Moje zdjęcie
Zwyczajny, szary gość...

środa, 30 marca 2011

Rozmowa z K. cd.



Okoliczności; wczorajsza noc, dom

Z wygodnej kanapy, piwa i chipsów o smaku świeżej cebulki  wyrwa mnie dzwonek do drzwi. Człapię skrzywiony myślą, komu o tej porze zachciało się odwiedzin. Przekręcam zamek, otwieram drzwi i zastygam w bezruchu. Na klatce stoi K. W ręku trzyma 0.7 Absolwenta. Patrzy na mnie i mówi, że mamy do pogadania.
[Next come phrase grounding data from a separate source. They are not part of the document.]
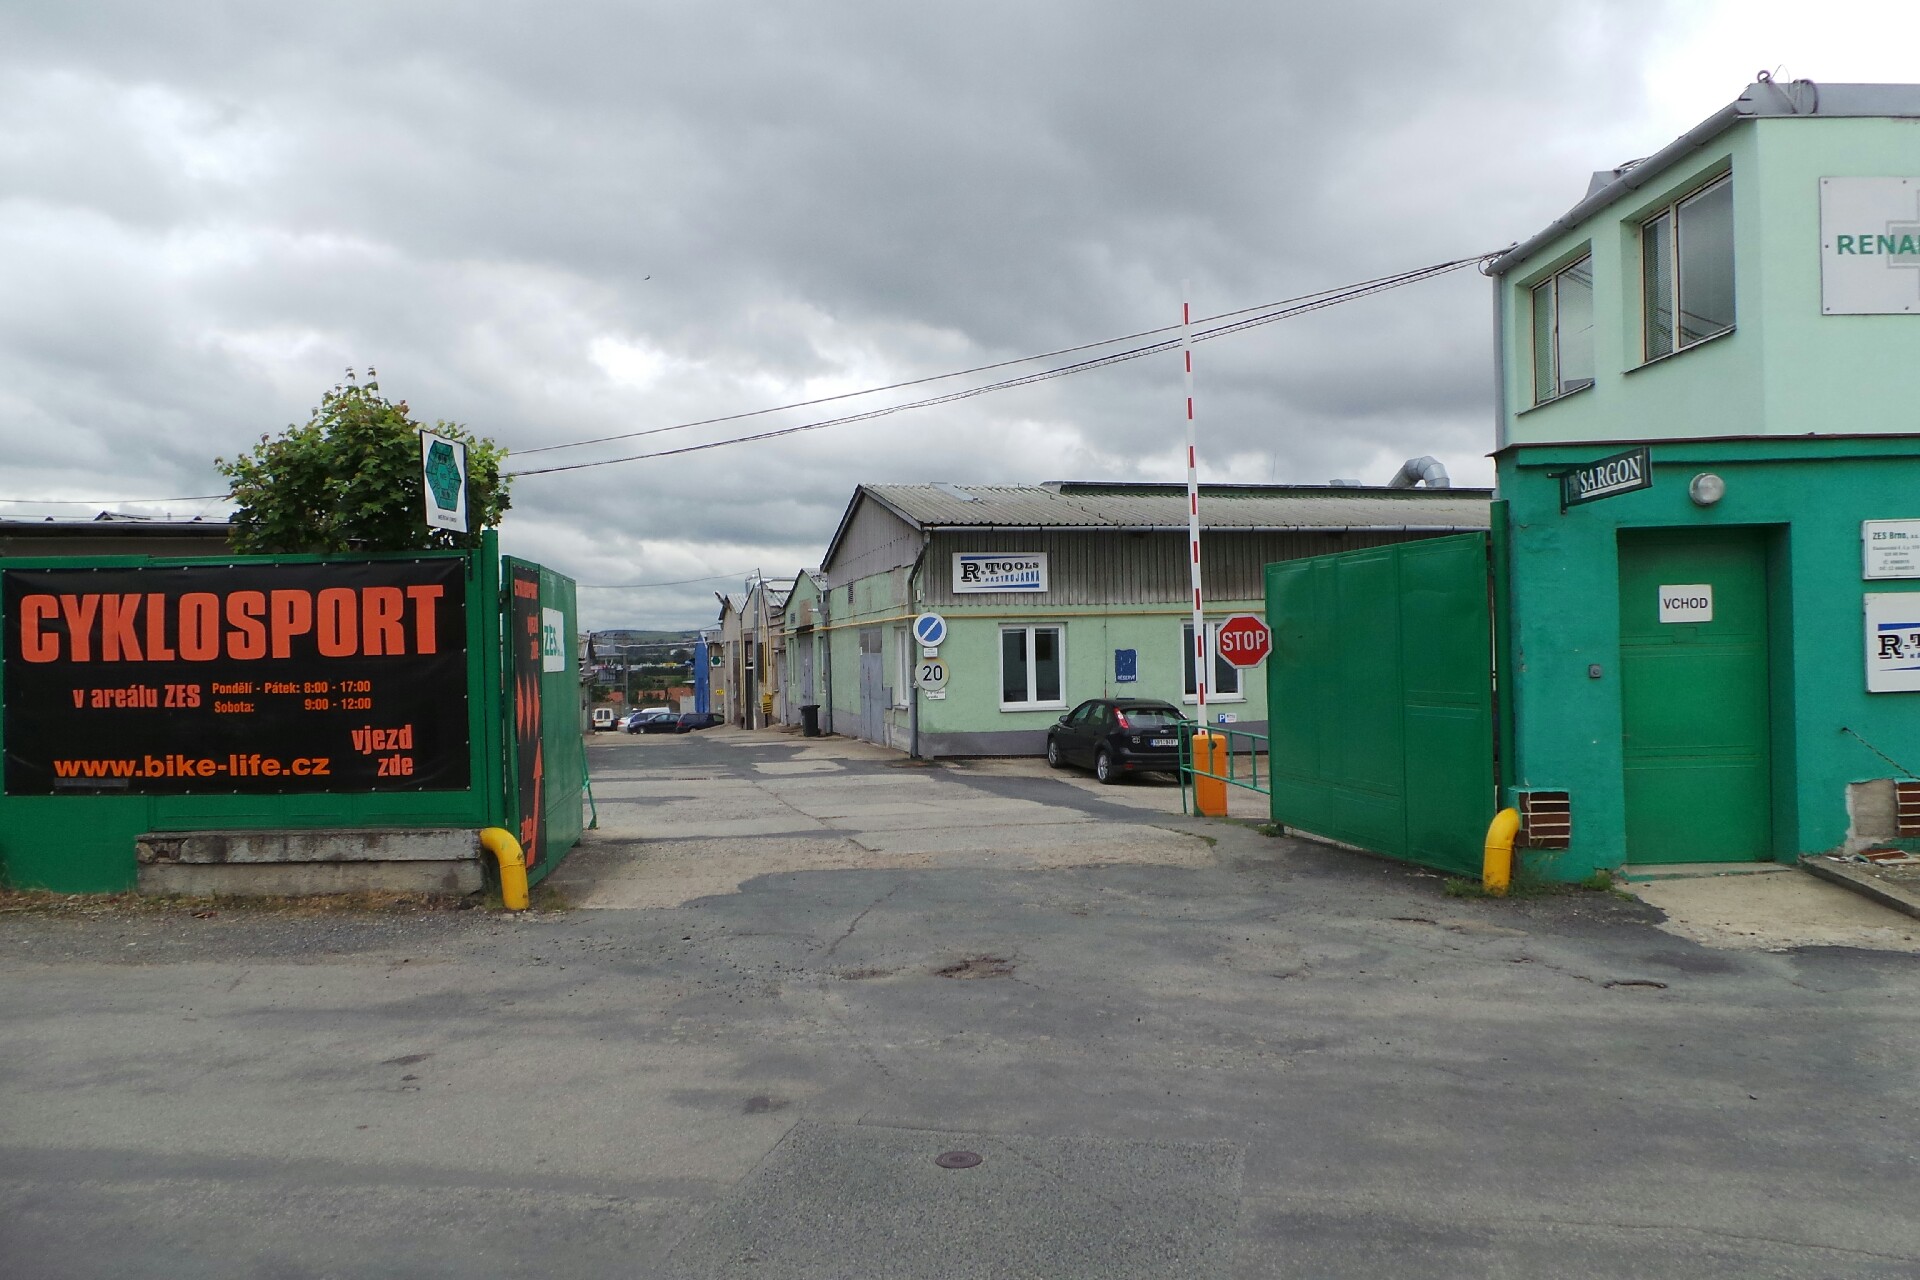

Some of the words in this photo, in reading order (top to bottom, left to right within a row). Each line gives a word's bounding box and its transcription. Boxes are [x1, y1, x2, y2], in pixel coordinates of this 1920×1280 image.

[1837, 234, 1920, 255] RENA
[1580, 455, 1643, 493] SARGON
[1872, 532, 1887, 540] ZES
[960, 562, 1040, 582] R-TOOLS
[1663, 597, 1708, 610] VCHOD
[20, 584, 444, 663] CYKLOSPORT
[1222, 630, 1266, 652] STOP
[922, 665, 943, 681] 20
[73, 690, 84, 708] v
[91, 684, 158, 708] areálu
[164, 685, 201, 708] ZES
[212, 682, 252, 694] Pondělí
[264, 682, 300, 694] Pátek:
[304, 681, 328, 693] 8:00
[340, 680, 371, 692] 17:00
[214, 701, 255, 713] Sobota:
[304, 699, 329, 710] 9:00
[341, 698, 371, 710] 12:00
[351, 724, 413, 755] vjezd
[53, 754, 331, 778] www.bike-life.cz
[377, 754, 414, 777] zde
Zapraszam go gestem do środka.
- Masz lód – pyta wydobywając z torby sok z czarnej porzeczki.
- Jasne – odpowiadam, wyciągając kieliszki i literatki.
- Co u Ciebie?
- Jak widzisz kolejny samotny wieczór – uśmiecham się siadając na tapczanie. K siada obok. Wyraźnie wyczuwam napięcie. Chwyta butelkę, otwiera i polewa.
- Dużo myślałem, o tym co mi powiedziałeś. Długo nie mogłem tego przegryźć i przyznam szczerze, że wciąż mam z tym problem.
- Rozumiem – odpowiedziałem popijając sokiem wódkę..
- Musiałem przyjść i to wyjaśnić. Nie chciałem zniknąć jak tchórz. Znamy się przecież tyle lat.
Pijemy kolejna kolejkę.
- To fakt – kiwam głową .
Kolejny kieliszek i następny. Rozmowa kompletnie się nie klei. Wódka kończy się. K. wyciąga z torby kolejna flaszkę. Otwiera , polewa i pyta.
- Czy ty kiedykolwiek chciałeś się ze mną bzykać.
Wybucham śmiechem.
K. patrzy na mnie uśmiecha  się.
- Tak czy nie?
- Może raz…może dwa – drażnię się z nim.
Czuję jak wódka powoli mąci umysł . Po rozmowie K. wnioskuję, że też powoli ma dość. Zaczyna się plątać. Nadmiernie gestykulować. W pewnym momencie z zupełnej zaskoczki rzuca się na mnie i przywiera ustami do mych warg wciskając w nie jęzor. Próbuję go odepchnąć. Bezskutecznie. Tur jest  postawny i o wiele większy ode mnie. K. nie przestaje… Zdesperowany gryzę go porządnie w język. Odskakuje.
- Nigdy więcej tego nie rób – krzyknąłem waląc go pięścią w twarz.
Wzburzony patrzy na mnie przecierając z wargi krew.
- Teraz …już nie mogę  patrzyć i myśleć o tobie z obrzydzeniem, już nie. – chrypie.
- ???
- teraz już …nie ważne… muszę wyjść…wpadnę jakoś.- Niemal wybiegł na klatkę.
 Przez okno patrzyłem jak  zataczając się ginie w oddali.
Ległem na łóżko pijany i szczęśliwy, że odzyskałem przyjaciela.